> WHAT TO DO: Nothing but the images is to be left out of your exact copy of the entries.

"""

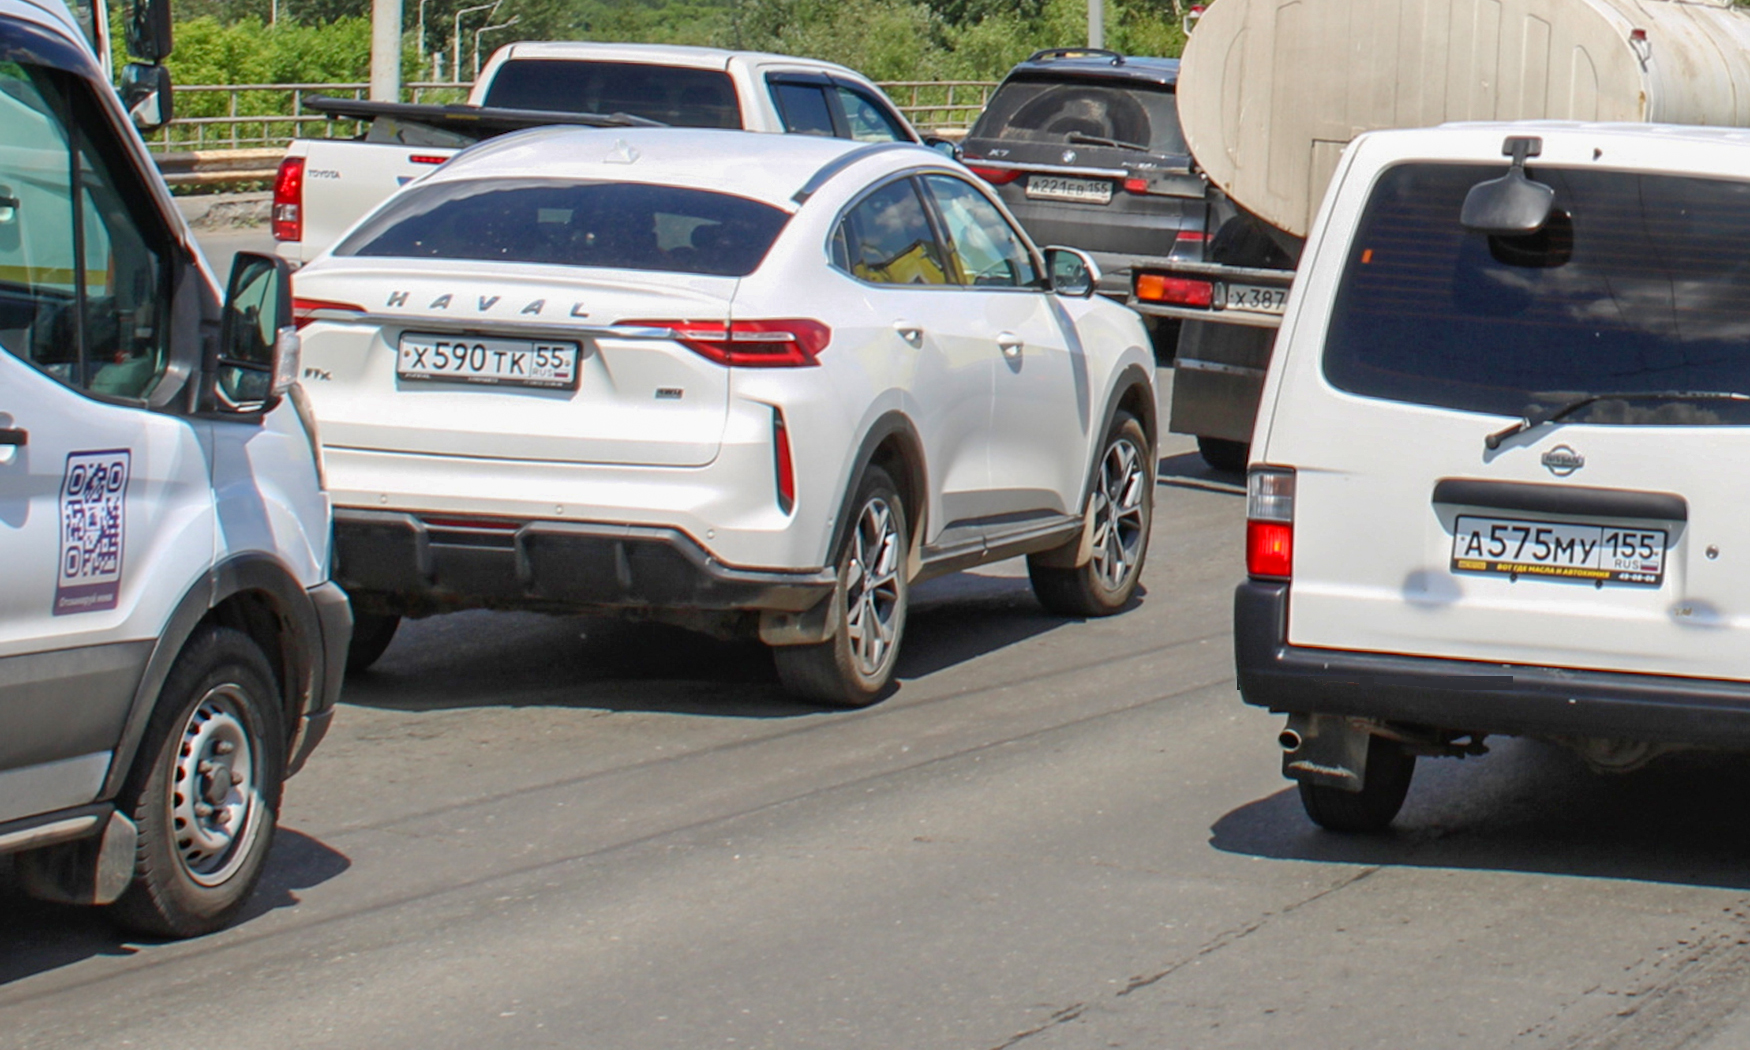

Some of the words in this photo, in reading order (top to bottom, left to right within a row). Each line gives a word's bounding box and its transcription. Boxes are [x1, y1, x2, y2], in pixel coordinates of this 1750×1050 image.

[308, 169, 341, 179] TOYOTA
[387, 291, 590, 318] HAVAL
[1497, 563, 1512, 571] ВОТ
[1513, 564, 1527, 573] ГДЕ
[1528, 565, 1554, 574] МАСЛА
[1614, 558, 1639, 570] RUS
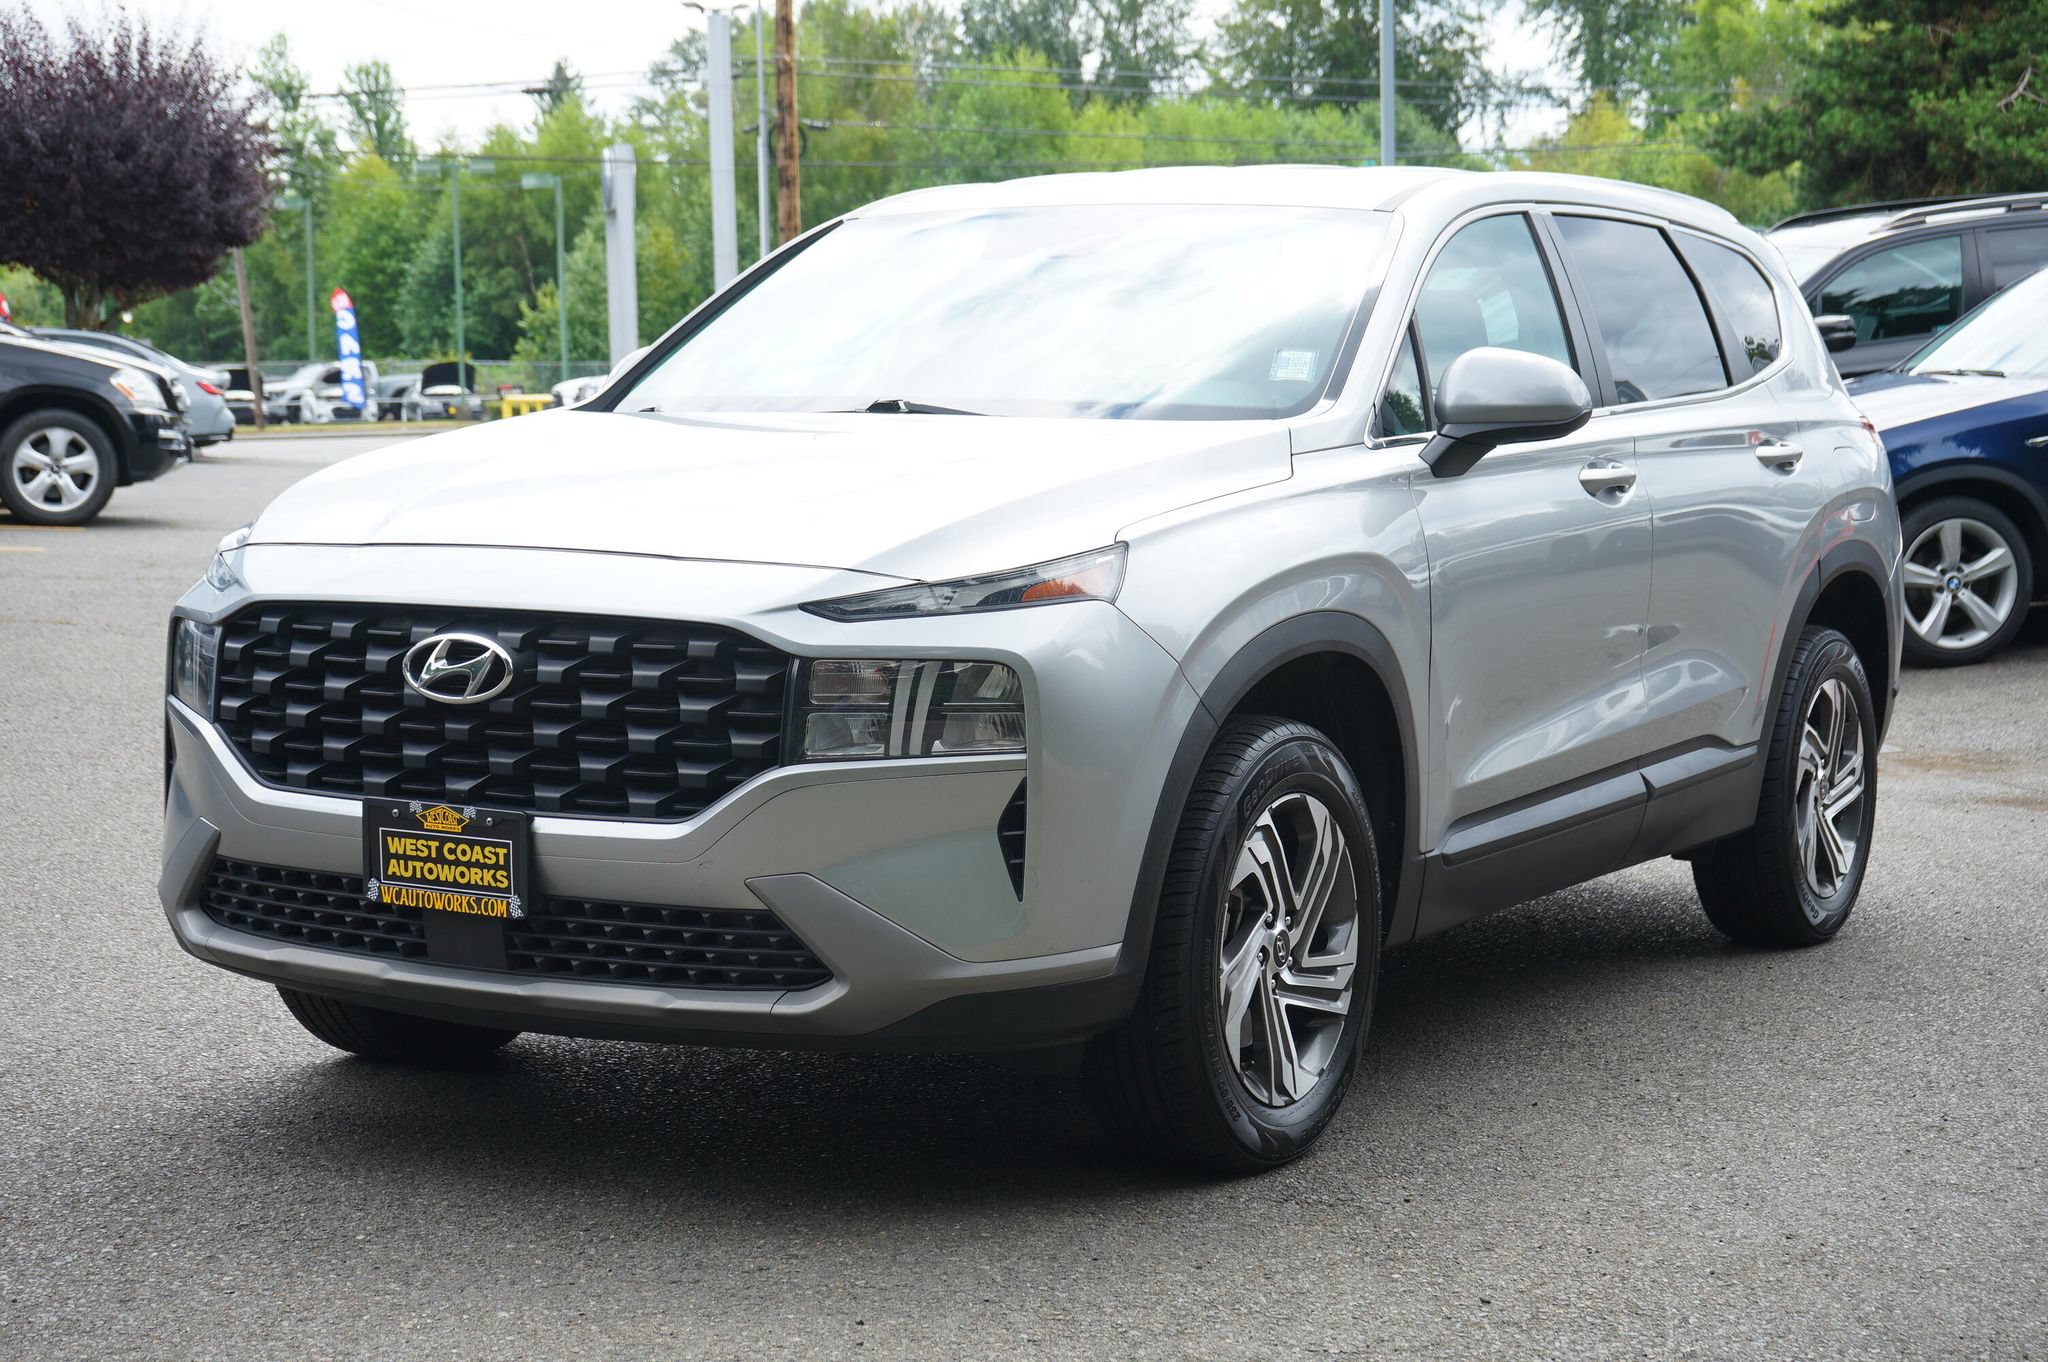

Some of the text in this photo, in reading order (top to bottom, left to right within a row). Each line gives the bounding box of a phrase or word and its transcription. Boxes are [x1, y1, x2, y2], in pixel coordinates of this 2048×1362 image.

"""

> SOLVED EXERCISE:
Some of the words in this photo, in reading order (top to bottom, left to right within a row). Each line gives a word's bounding box and its transcription. Boxes are [x1, y1, x2, y2], in pixel coordinates of this 1750×1050 image.

[308, 169, 341, 179] TOYOTA
[387, 291, 590, 318] HAVAL
[1497, 563, 1512, 571] ВОТ
[1513, 564, 1527, 573] ГДЕ
[1528, 565, 1554, 574] МАСЛА
[1614, 558, 1639, 570] RUS

Some of the text in this photo, in reading order (top to bottom, left to right within a row). Each line gives the bounding box of a phrase or word and its transcription. Boxes are [x1, y1, x2, y2], in pixel coordinates of this 2048×1362 image.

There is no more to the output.